According to the State Bank of Pakistan, the current account deficit of the country has risen to $2.3 billion in June 2022 compared to a deficit of $1.6 million in the same month of the last year.
Cumulatively for fiscal year 2021-22, the current account deficit widened by a whopping 517%, clocking in at $17.4 billion on a yearly basis when compared with the figure of $2.82 billion during FY21.
“As foreshadowed by earlier Pakistan Bureau of Statistics (PBS) data, a surge in oil imports saw current account deficit rise to $2.3 billion in June despite higher exports and remittances,” the central bank said on its official Twitter handle.
The SBP further mentioned that so far in July oil imports are much lower [and] “deficit is expected to resume its moderating trajectory.”
It mentioned that 3.3 million metric tons of oil was imported in June, 33% higher than in May.
“Together with higher global prices, this more than doubled the oil import bill from $1.4 billion to $2.9 billion,” the SBP said, adding that by contrast, non-oil imports ticked down.
Details of the balance-of-payments summary revealed that Pakistan recorded exports of goods at $3.12 billion and another $646 million as services.
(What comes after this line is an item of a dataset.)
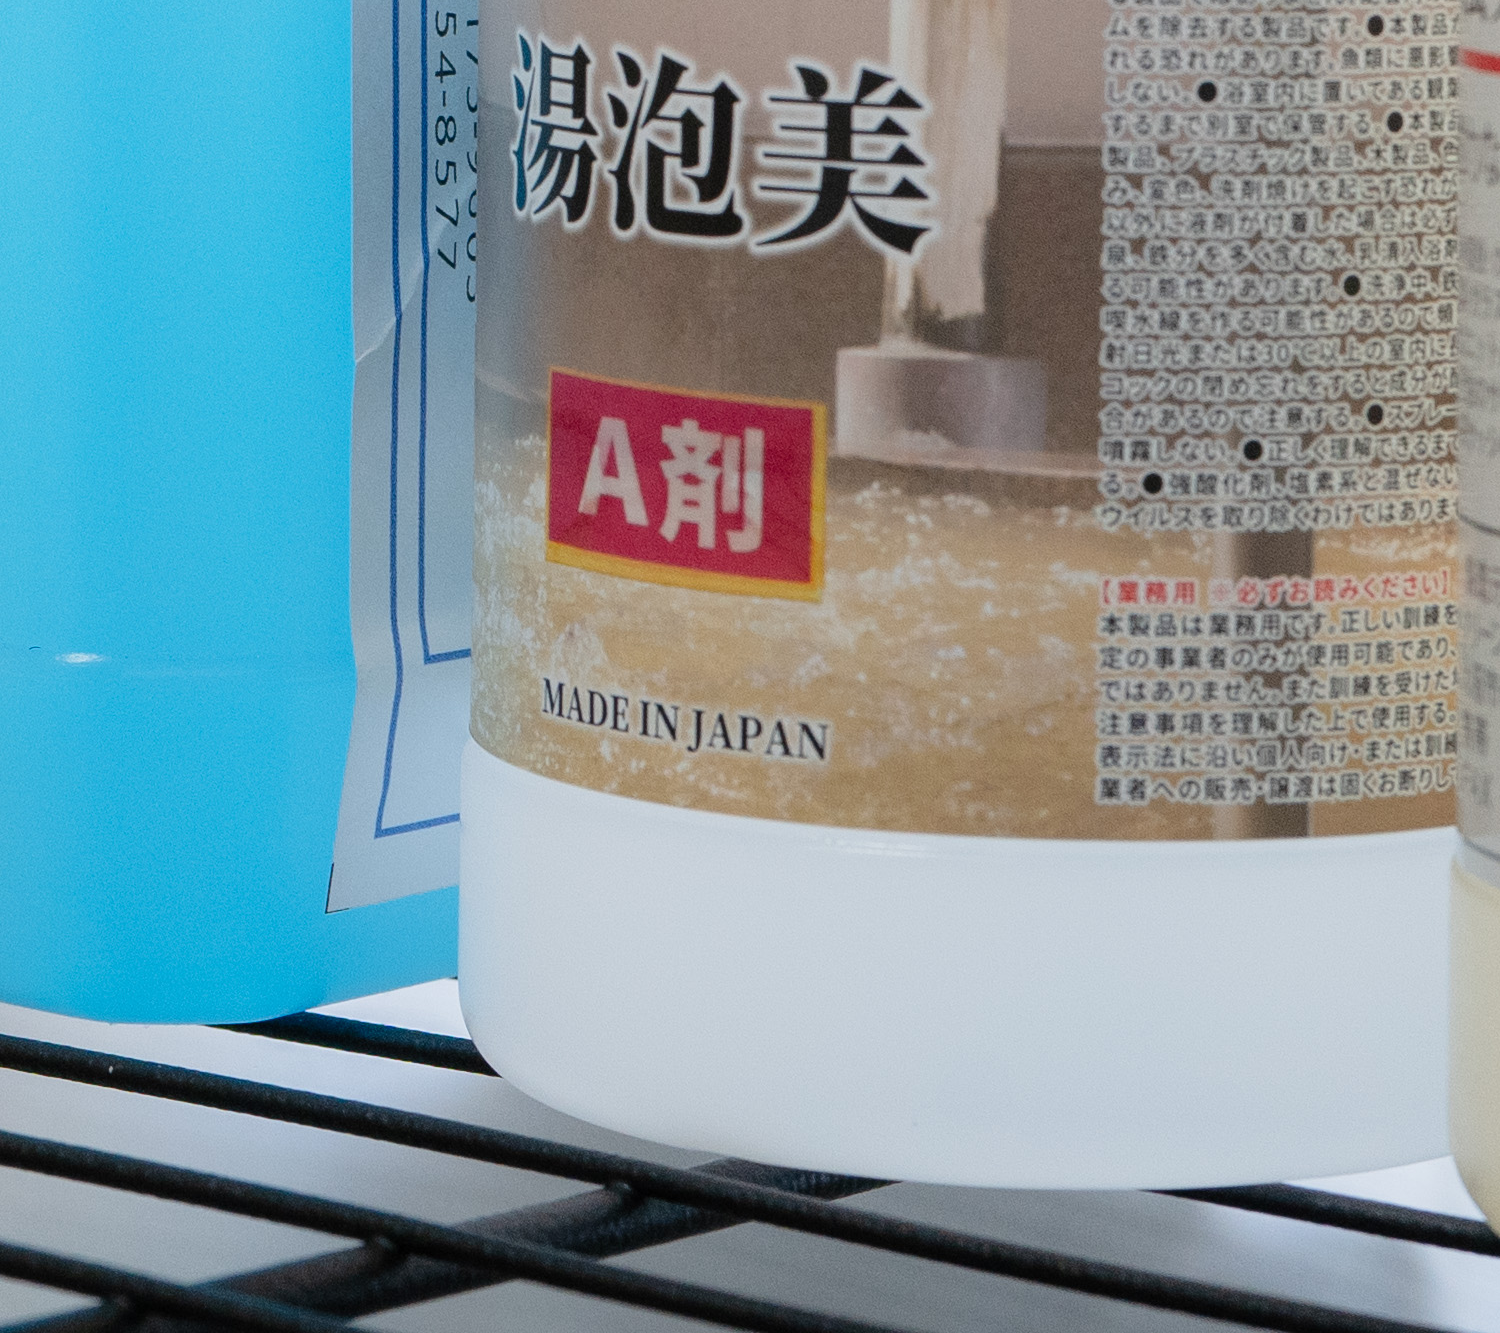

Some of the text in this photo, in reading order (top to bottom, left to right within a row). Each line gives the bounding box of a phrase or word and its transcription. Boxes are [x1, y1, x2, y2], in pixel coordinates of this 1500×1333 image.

However, a massive import bill, which clocked in at $7.04 billion for goods and another $1.37 billion as services, in June was the reason behind the current account deficit.
It should be noted that the current account balance is an important indicator of Pakistan's economy, a widening deficit leads to an outflow of US dollars, which has also taken a toll on the currency that is currently being traded at a historic low of Rs236.02 against the greenback.
“A rise in imports of petroleum products has resulted in current account deficit to rise to $2.3 billion in June 2022,” Dr Khaqan Najeeb, an economist and former adviser Ministry of Finance told Geo.tv.
He highlighted that the oil import bill alone jumped to a “rather uncomfortable level” of $2.9 billion in June.
The economist was of the view that overall the last fiscal year 2021-22 closed on a higher current account deficit of $ 17.4 billion and thus impacted the depreciation of the Pakistani rupee against the greenback in a market-based exchange system with little intervention of the SBP.
“Going forward, more than required oil has been imported while demand has moderated which should see a decline in current account deficit in July,” Dr Najeeb predicted.